By Mark Millar (writer), Steve McNiven (artist), Dave McCaig (colorist)

Reading Mark Millar’s Nemesis, I can’t help but fondly remember my own youth and those halcyon days of holding kittens underwater and giggling as they tried to claw their way to freedom, pushing cripples down stairs and savoring the fear in their eyes as they fell to their doom, and lighting homeless people on fire, drinking the glass of water that could have put them out, and pissing in the corner of the alley as they writhed and screamed in agony.

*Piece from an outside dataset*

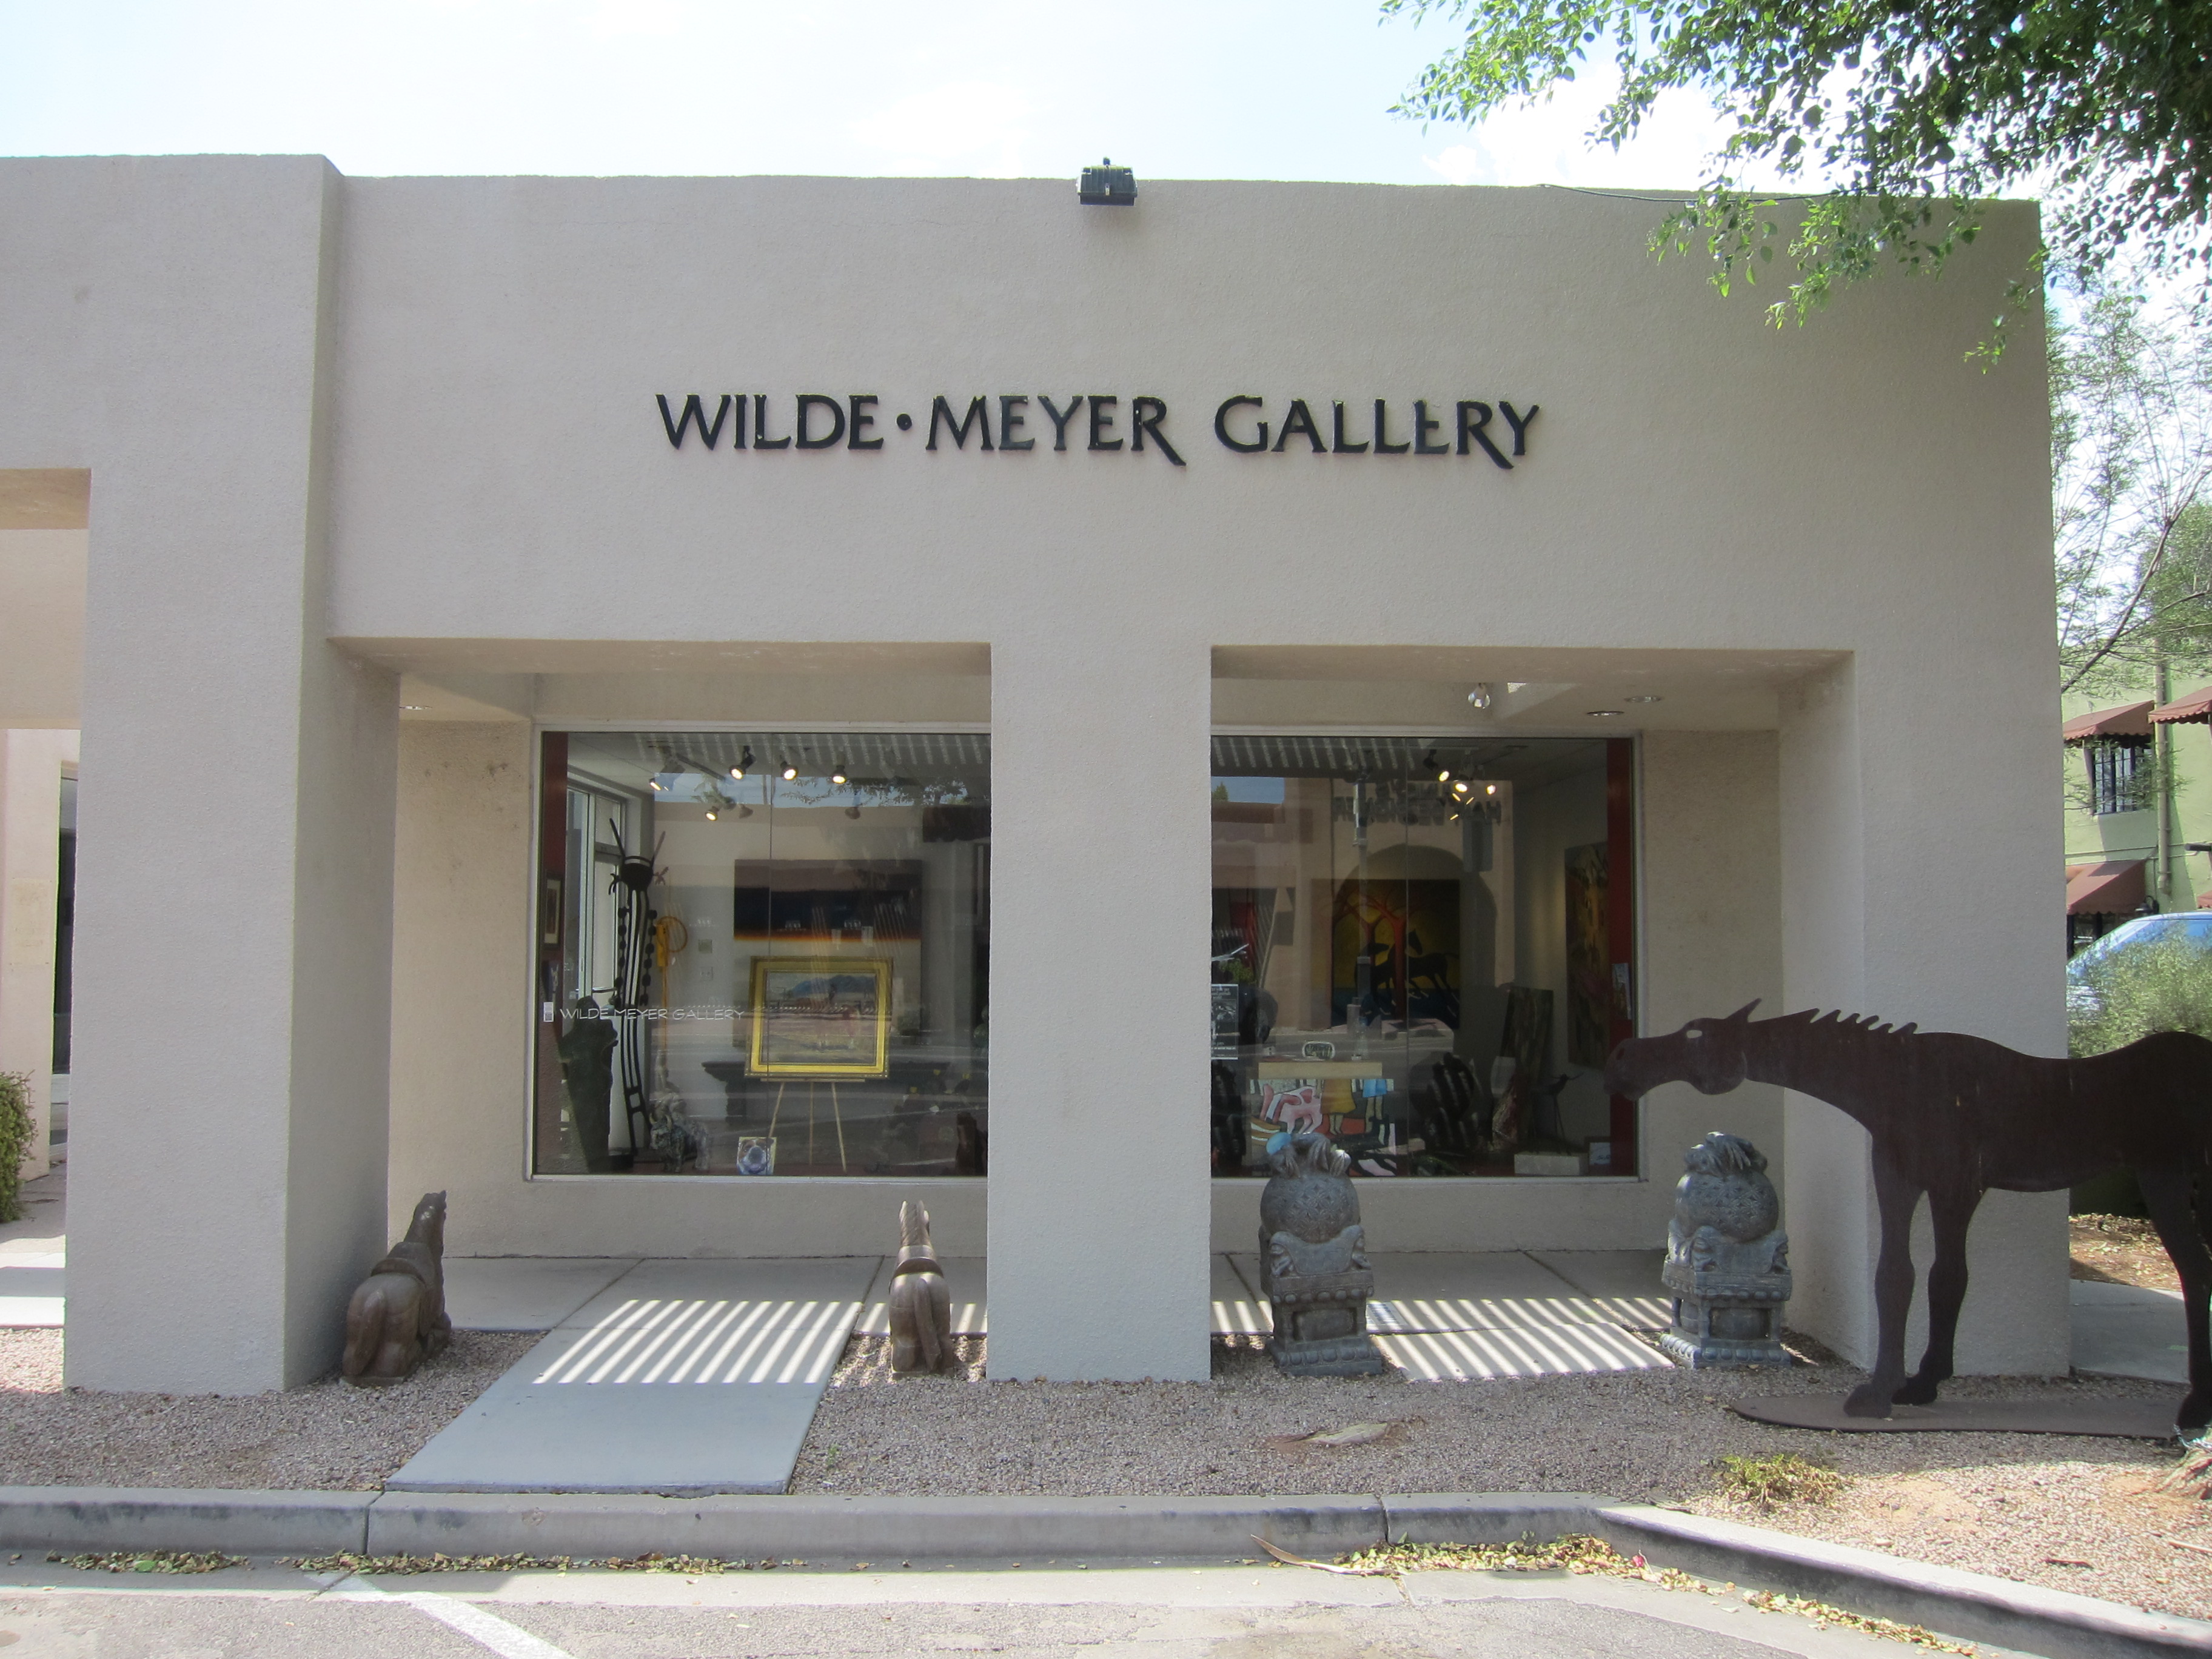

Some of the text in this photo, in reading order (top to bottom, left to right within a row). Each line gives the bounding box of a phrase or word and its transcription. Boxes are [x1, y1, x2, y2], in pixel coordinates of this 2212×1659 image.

OH COME ON I’M KIDDING!!! What kind of sick fuck do you take me for!? Wait, don’t answer that. Where was I going with this? Oh, right: Nemsis is a comic that takes great pleasure in its own awful, Evil nature, and I love it dearly for that very simple reason. With this issue though… Uh, wow, this comic has gone Col. Kurtz on readers and truly fired with both barrels. And you know what? I still love it!!!

Nemsis is based on a basic, yet deeply disturbing premise: What if Batman was a Bad Guy? What if that Bruce Wayne archetype, that same young, wealthy, aristocratic kind of man about town saw his parents gunned down by lawmen and vowed to dedicate his life to destroying the forces of law and order? It’s not necessarily a new idea, I understand that, but Millar gives it a level of polish and gloss unlike anything we’ve seen in recent memory and yet that is easily worth the price of admission.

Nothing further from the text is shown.